Tuesday, July 16, 2013

Nedgroup's commercial about Sullenberger's landing on the Hudson is about expert heuristics, but is the analogy apt?

Nedgroup Investments (South Africa) is currently airing a striking commercial in which Captain Chesley Sullenberger narrates his landing Flight 1549 on the Hudson River after losing both engines to bird strikes. In the commercial. Sullenberger ascribes his feat to being "... just a pilot who used thirty years of experience to do my job." This is a good description of expert heuristics that developed over may years of experience in the form of associative memory. Herbert Simon, one of the founders of what is now known as behavioural economics, described this intuitive expertise here as "... nothing more and nothing less than recognition" (see also Kahneman, Thinking Fast and Slow, p. 237). Alessandro Cerboni regularly blogs on expert heuristics and is worth following. 

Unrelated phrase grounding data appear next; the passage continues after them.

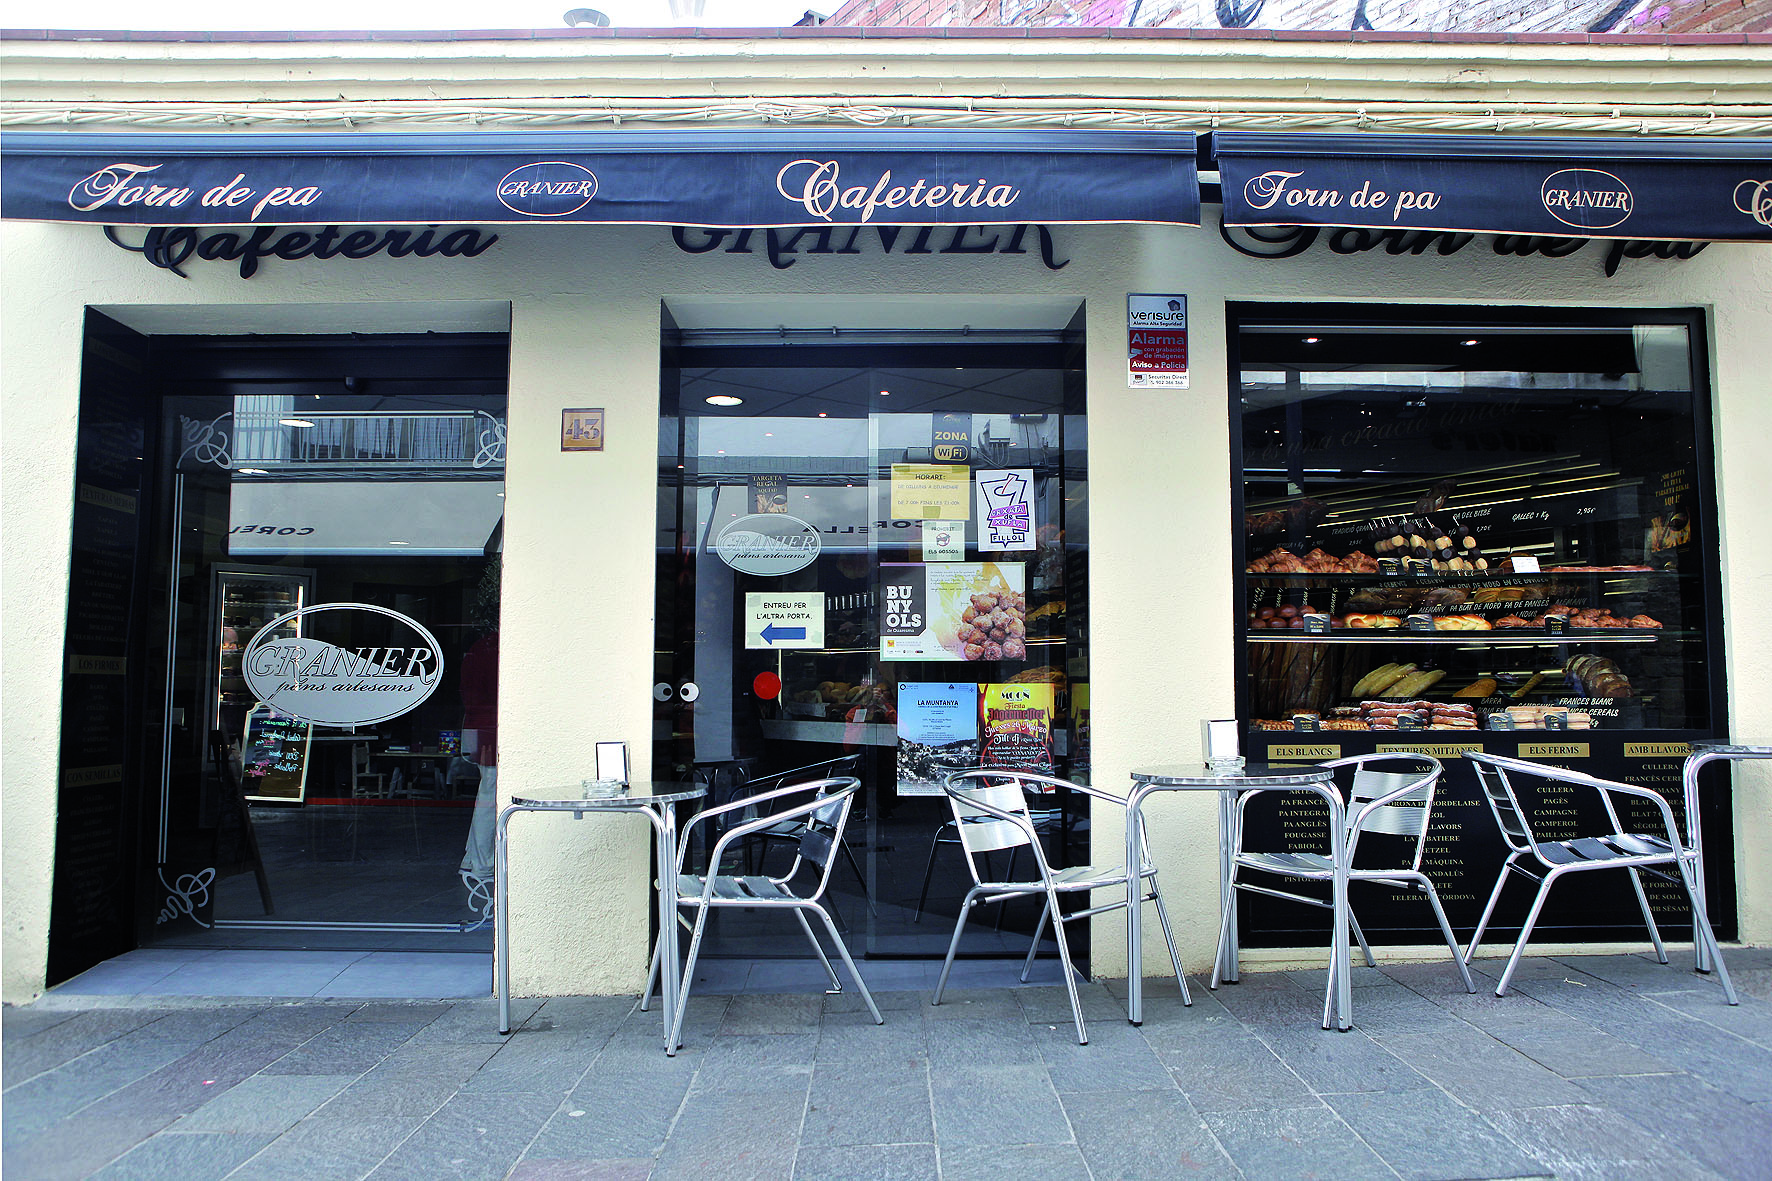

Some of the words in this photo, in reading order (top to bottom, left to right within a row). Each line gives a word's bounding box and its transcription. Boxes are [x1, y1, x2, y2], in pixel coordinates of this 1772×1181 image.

[68, 162, 196, 212] Torn
[201, 173, 254, 208] de
[252, 185, 323, 221] pa
[500, 177, 594, 200] GRANIER
[776, 158, 1021, 223] Cafeteria
[1243, 170, 1343, 212] Torn
[1349, 180, 1390, 210] de
[1392, 188, 1442, 222] pa
[1545, 188, 1630, 212] GRANIER
[1130, 311, 1184, 321] verisure
[1131, 333, 1185, 345] Alarma
[1154, 352, 1185, 360] imágenes
[1131, 361, 1153, 369] Aviso
[566, 418, 600, 440] 43
[934, 431, 968, 441] ZONA
[938, 447, 962, 458] WiFi
[719, 535, 815, 554] GRANIER
[728, 552, 761, 565] pans
[762, 551, 806, 560] artesans
[886, 585, 913, 600] BU
[763, 602, 792, 610] ENTREU
[794, 601, 807, 610] PER
[886, 599, 913, 614] NY
[1473, 603, 1482, 611] DE
[1514, 601, 1523, 609] DE
[756, 612, 785, 620] L'ALTRA
[787, 612, 813, 620] PORTA.
[886, 613, 922, 628] OLS
[249, 645, 435, 686] GRANIER
[267, 680, 328, 701] pans
[331, 679, 415, 693] artesans
[1005, 702, 1026, 711] Fiesta
[985, 723, 1011, 738] Jueves
[1021, 720, 1048, 734] Marzo
[1276, 748, 1294, 756] ELS
[1295, 747, 1334, 756] BLANCS
[1529, 746, 1547, 754] ELS
[1548, 746, 1580, 754] FERMS
[1628, 745, 1649, 754] AMB
[1650, 745, 1692, 754] LLAVORS
[1624, 774, 1660, 782] FRANCÈS
[1292, 797, 1329, 806] FRANCÈS
[1543, 796, 1569, 805] PAGÈS
[1294, 819, 1327, 828] ANGLÈS
[1632, 821, 1660, 829] SÈGOL
[1425, 857, 1464, 867] MÀQUINA
[1662, 904, 1689, 912] SÈSAM
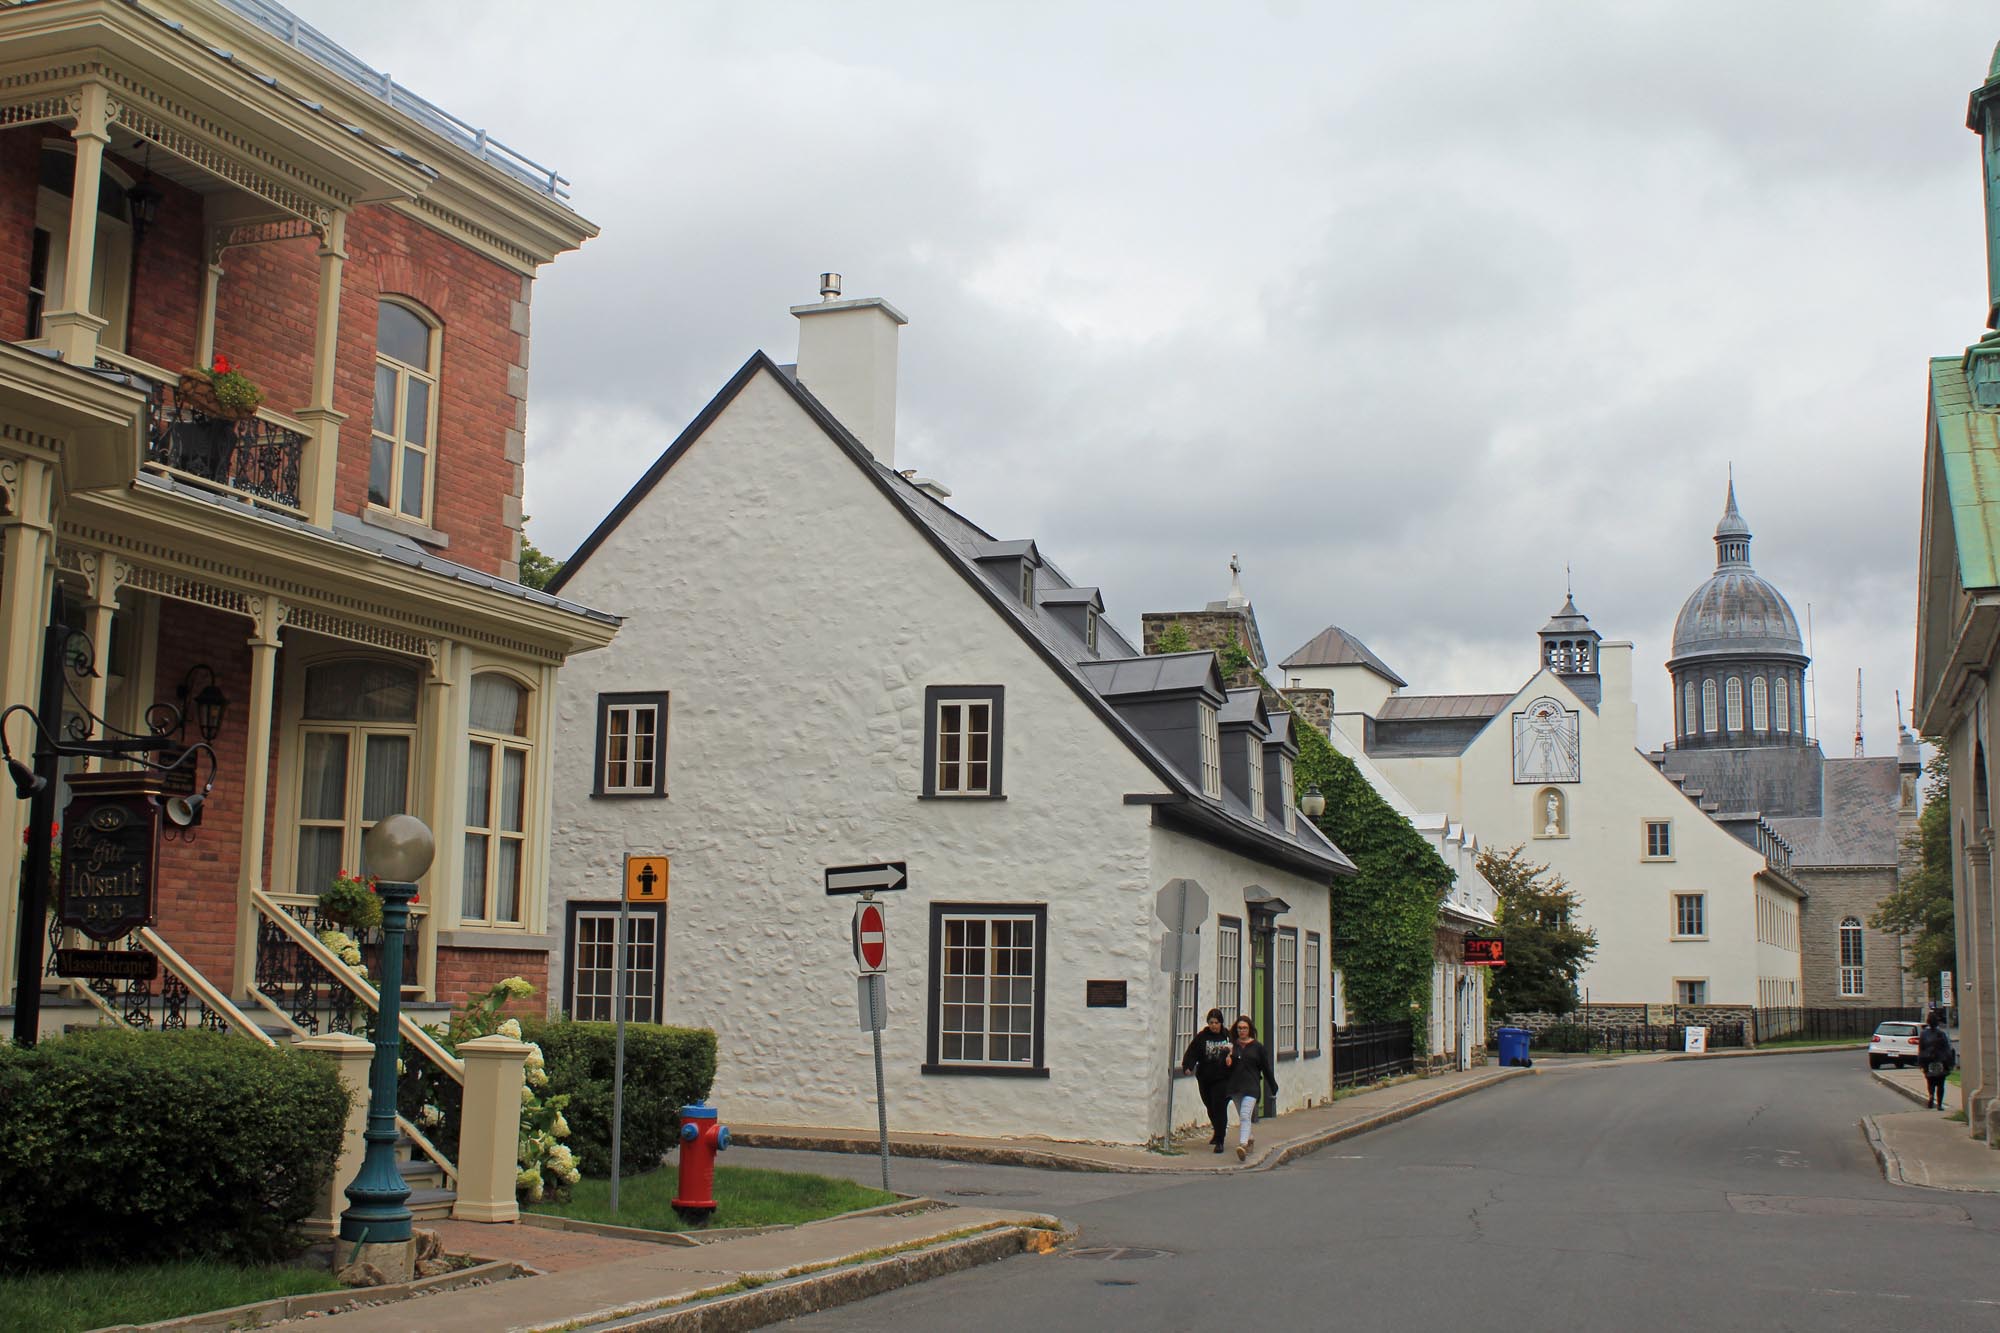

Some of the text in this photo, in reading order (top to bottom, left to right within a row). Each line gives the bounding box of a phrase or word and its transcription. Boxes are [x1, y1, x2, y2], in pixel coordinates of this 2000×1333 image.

The Nedbank commercial is an good one and will probably (speaking as layman on advertising) be effective. The question, however, is whether the implied analogy between the expert heuristics in an individual based on 30 years experience and the accumulated corporate memory of an investment bank, is an apt one? Therefore, can an organization acquire heuristic decision making skills, or are such skills lodged in individual human beings? A Google search brought up a number of studies on simple group heuristics (i.e. here), but I personally doubt that that would apply to a complex organisation operating in a complex environment. The answer may be found in the concept of corporate memory, about which I blogged some time ago in "Therapy for corporate Alzheimers".


Monday, July 8, 2013

Failed heuristics due to pilot's lack of Boeing 777 experience in Asiana crash landing?

Aircraft accidents make for useful case studies in researching heuristics (rules of thumb) based decision making. This is because multiple high-stakes decisions are made, compressed in time, space and complexity. According to Scott Shappell and Douglas Wiegman between 70 and 80% of air crashes are commonly ascribed, at least partly, to human error. They distinguish between errors of decision making, skill and perception.

Consider the recent crash landing of the Boeing 777 of Asiana Airlines at the San Francisco airport. The air crash investigation is obviously ongoing and the causes will eventually be established. It is, however, even at this stage clear that pilot error may have played a role.

In this post I would like to focus on the relative inexperience of the pilot on the specific aircraft and its possible role in poor heuristics based decision making. Expert heuristics based decision making typically occurs in what Kahneman refers to as intuitive (System 1) thinking and depends heavily on associative memory that comes from experience, lots of it (10 000 hours, if you accept Gladwell's popular account). Gary Klein is considered one of the experts in experts' intuitive decision making (pun unintended).

It was reported that the pilot in the Asiana incident had only 43 hours experience on the Boeing 777 and was making his first landing at the San Francisco airport. While he did have almost 10 000 hours total flying experience, consider the complexity of an airliner cockpit relative to a motor vehicle's controls. Then consider the difficulty the typical driver experiences when driving an unfamiliar vehicle. That should demonstrate the importance of expert experience based intuitive decision making when landing a relatively unfamiliar aircraft at a relatively unfamiliar airport. For another opinion on this issue, see this by Scully Levin (former SAA training captain) in Beeld, only in Afrikaans.

Thursday, July 4, 2013

There's still life in the old nag!


Right, time to get the show on the road again. There will be a change in emphasis, as I'll be spending more time on a developing interest, the role of conscious and unconscious heuristics in judgement and decision making. Long time readers (if there are any still around), don't despair, I still be taking on the odd myth that quacks live by.